▶ Aim of the task
Copy task. Retype the whole listing exactly, omitting any picture in it.

▶ Records provided
——

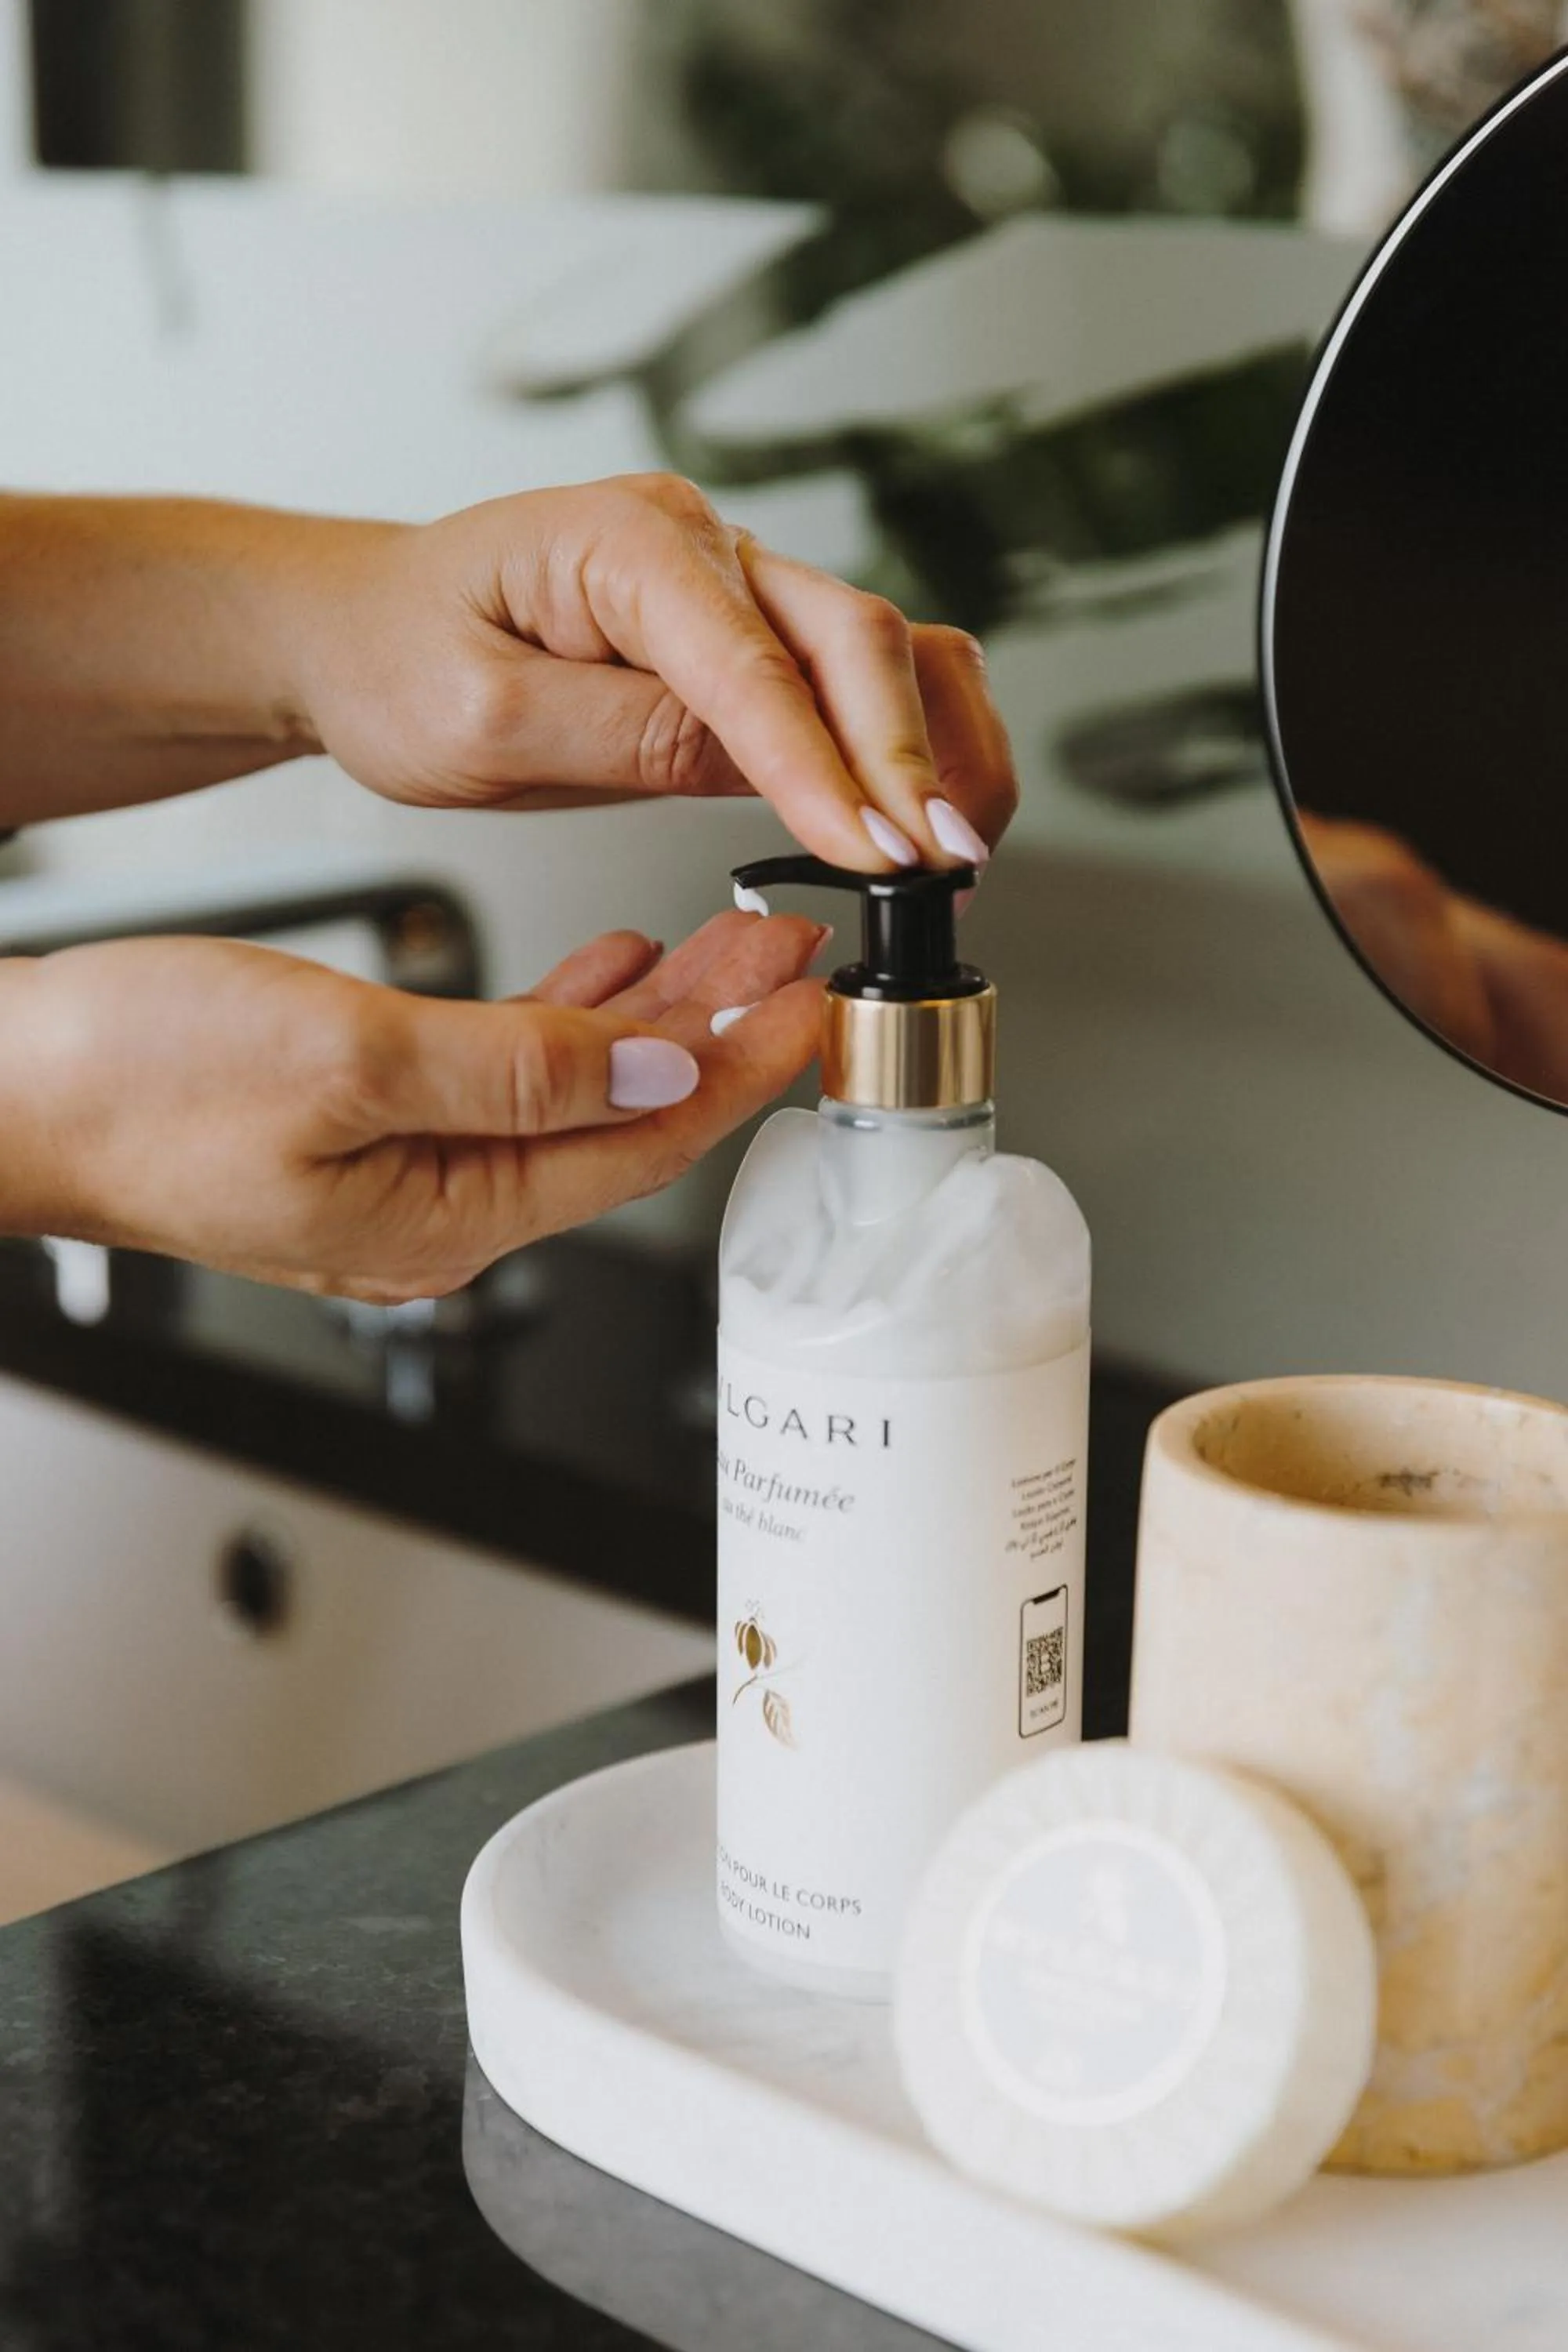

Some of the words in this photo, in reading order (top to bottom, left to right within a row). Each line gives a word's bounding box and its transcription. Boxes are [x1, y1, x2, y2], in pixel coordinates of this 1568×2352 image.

[733, 1458, 855, 1513] Parfumée
[757, 1510, 805, 1541] blanc
[732, 1860, 768, 1894] POUR
[772, 1881, 790, 1903] LE
[796, 1889, 862, 1916] CORPS
[748, 1904, 811, 1940] LOTION

——

▶ Answer section
Some of the words in this photo, in reading order (top to bottom, left to right within a row). Each line gives a word's bounding box and its transcription. Boxes are [x1, y1, x2, y2], in pixel coordinates of this 1568×2352 image.

[733, 1458, 855, 1513] Parfumée
[757, 1510, 805, 1541] blanc
[732, 1860, 768, 1894] POUR
[772, 1881, 790, 1903] LE
[796, 1889, 862, 1916] CORPS
[748, 1904, 811, 1940] LOTION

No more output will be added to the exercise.